# [Aim of the task]
For this item, repeat the material exactly while omitting its pictures.

========================================================================

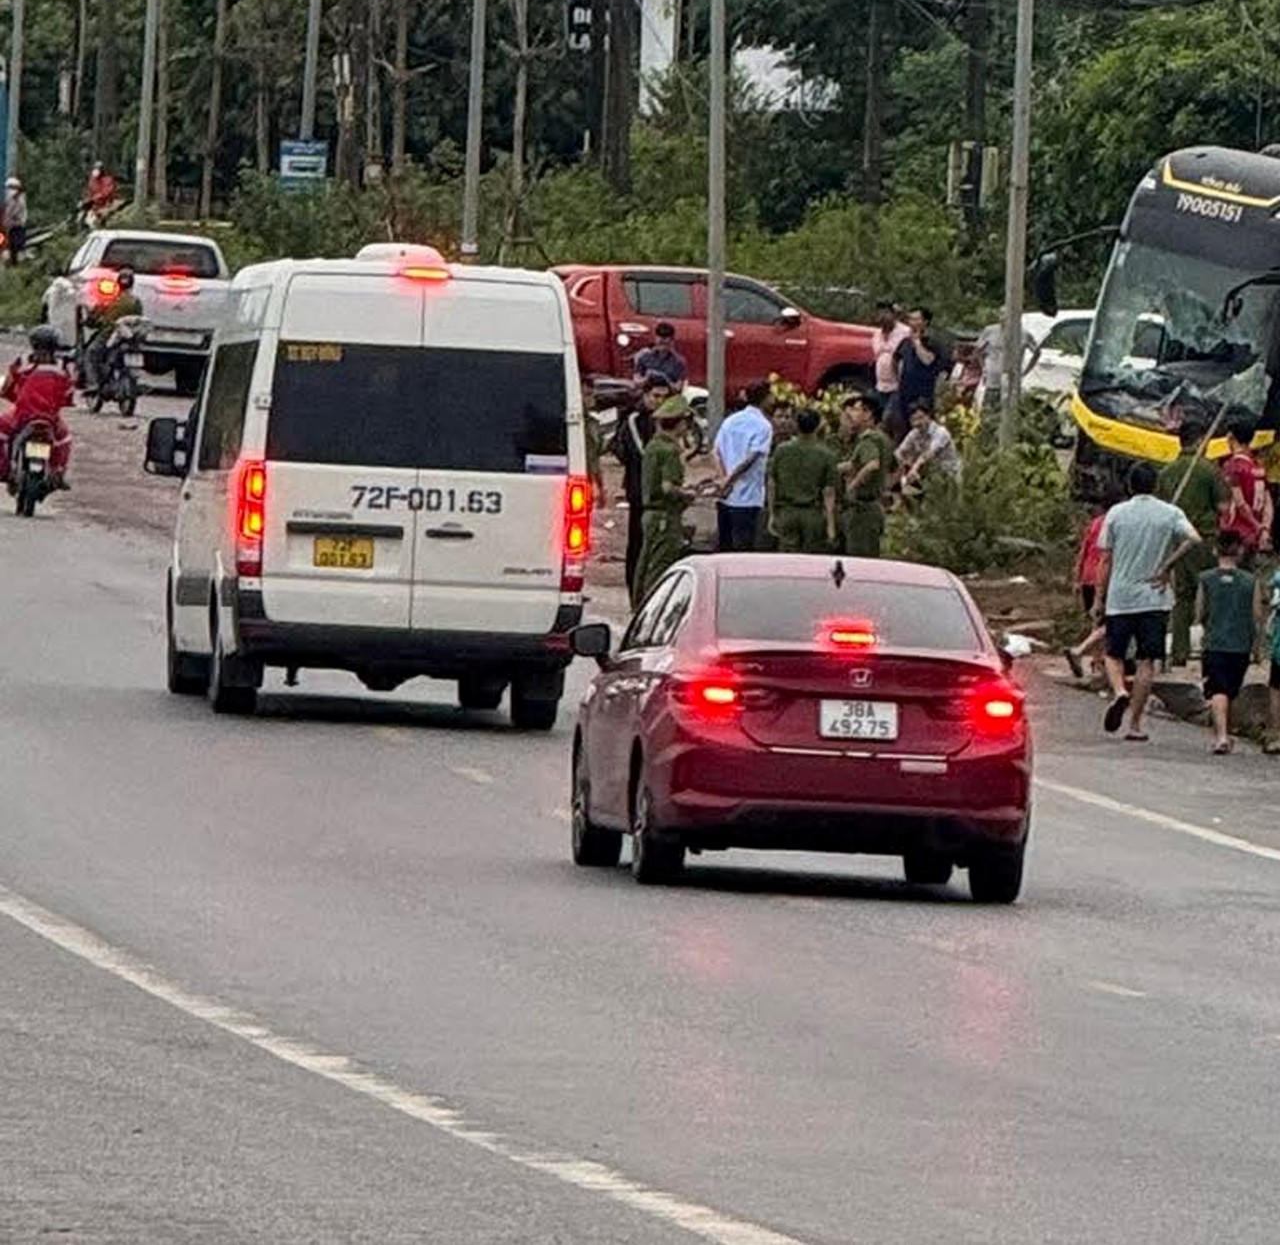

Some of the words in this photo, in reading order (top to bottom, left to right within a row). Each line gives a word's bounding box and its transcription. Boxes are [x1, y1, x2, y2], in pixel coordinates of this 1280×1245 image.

[1176, 193, 1243, 223] 19005151
[351, 486, 502, 515] 72F-001.63
[843, 702, 875, 718] 38A
[829, 719, 889, 736] 492.75
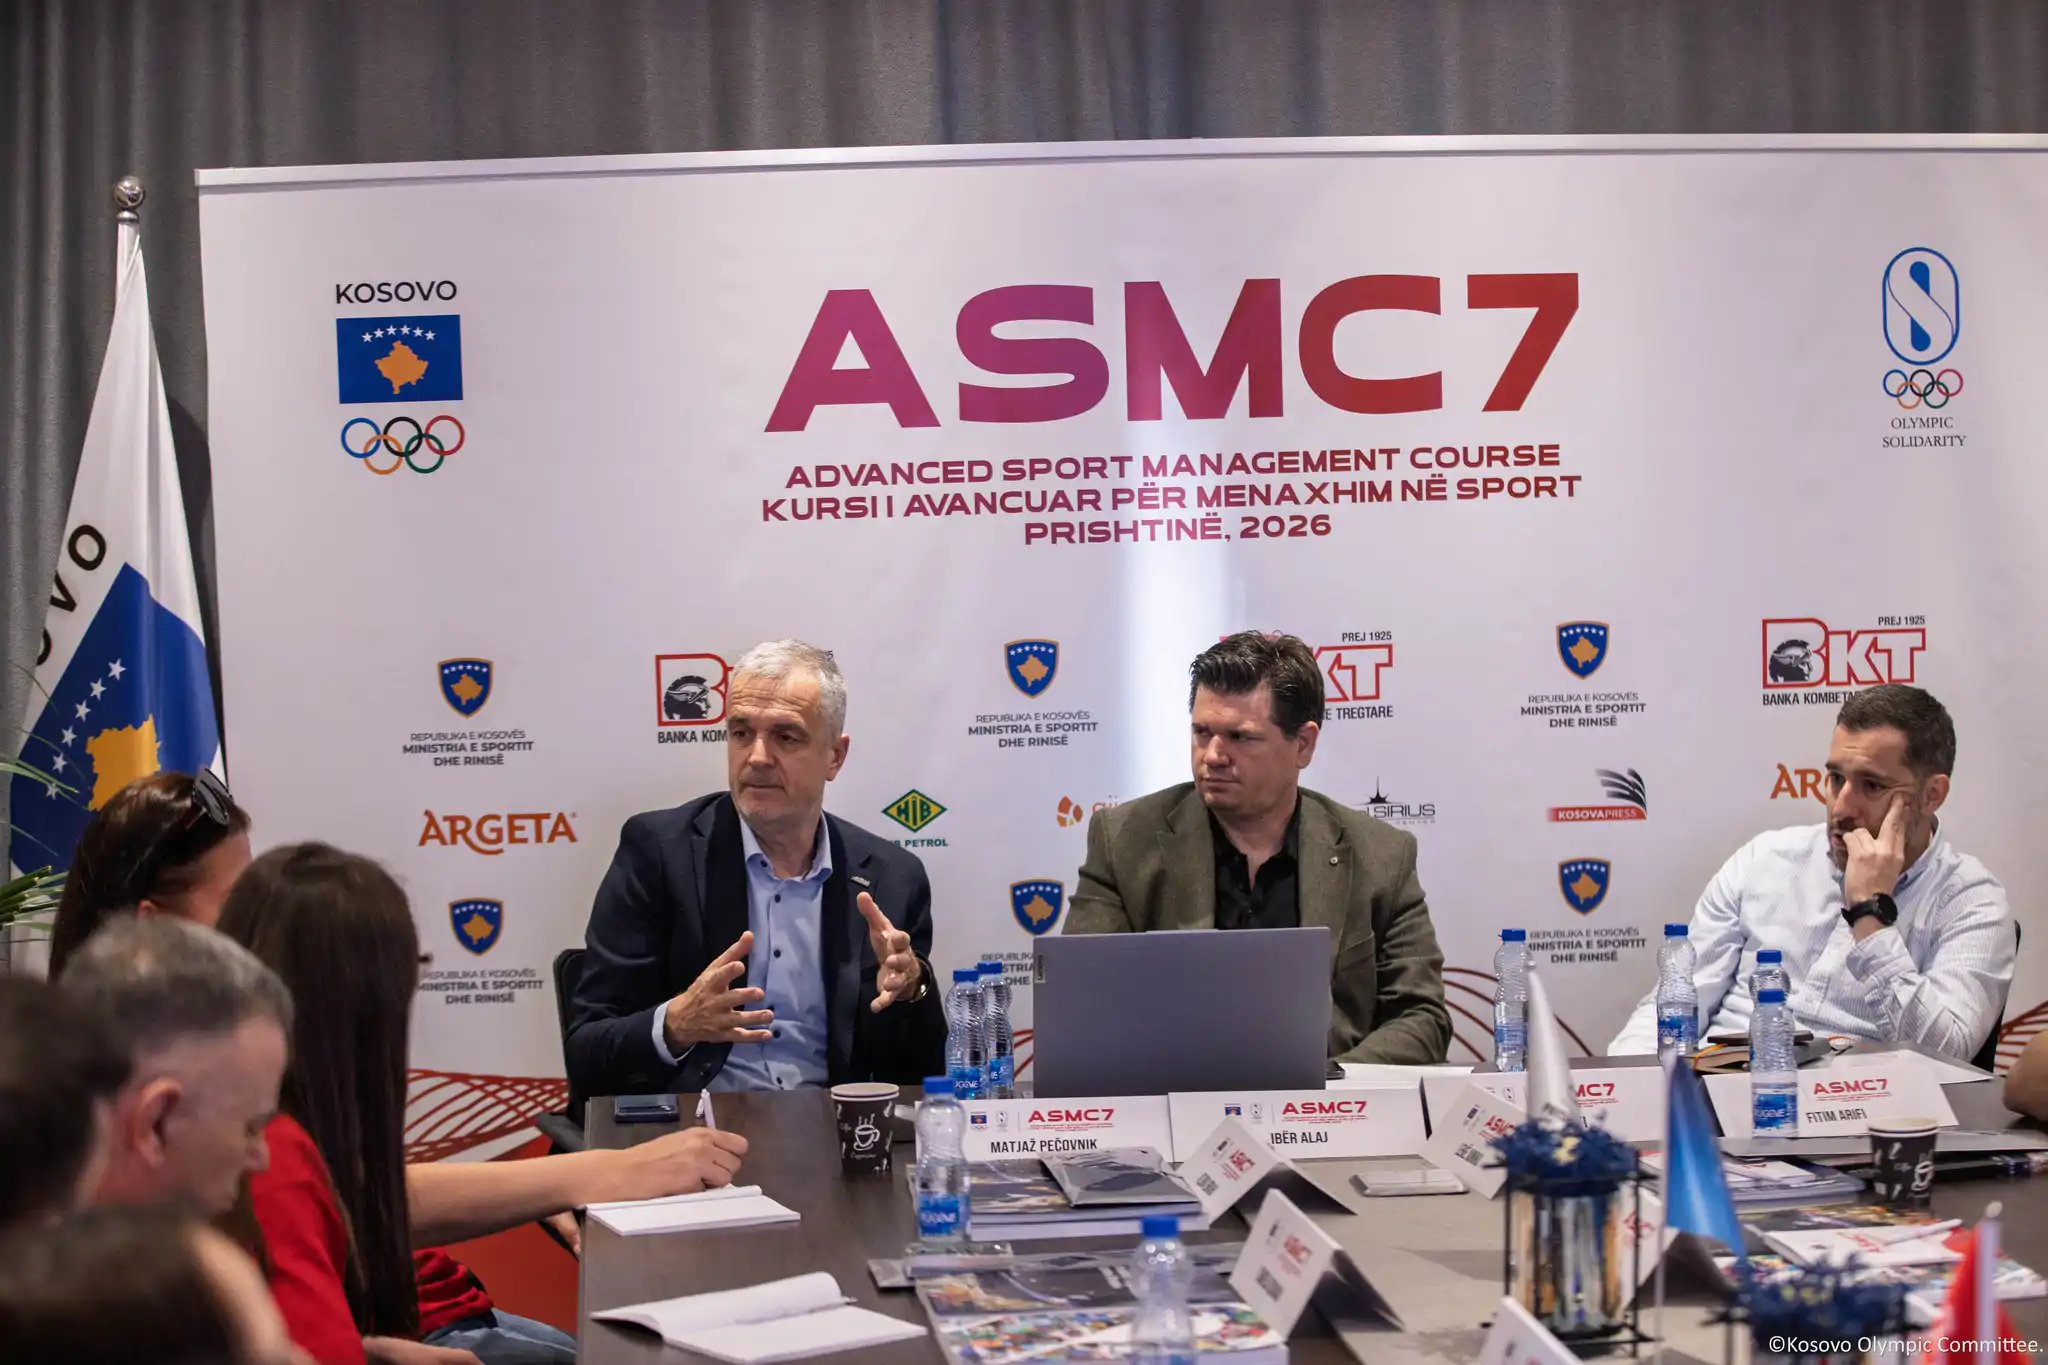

========================================================================

# [Reply]
Some of the words in this photo, in reading order (top to bottom, left to right within a row). Each line gives a word's bounding box and its transcription. Boxes are [x1, y1, x2, y2], in pixel coordinates of this 1280×1245 image.

[1176, 193, 1243, 223] 19005151
[351, 486, 502, 515] 72F-001.63
[843, 702, 875, 718] 38A
[829, 719, 889, 736] 492.75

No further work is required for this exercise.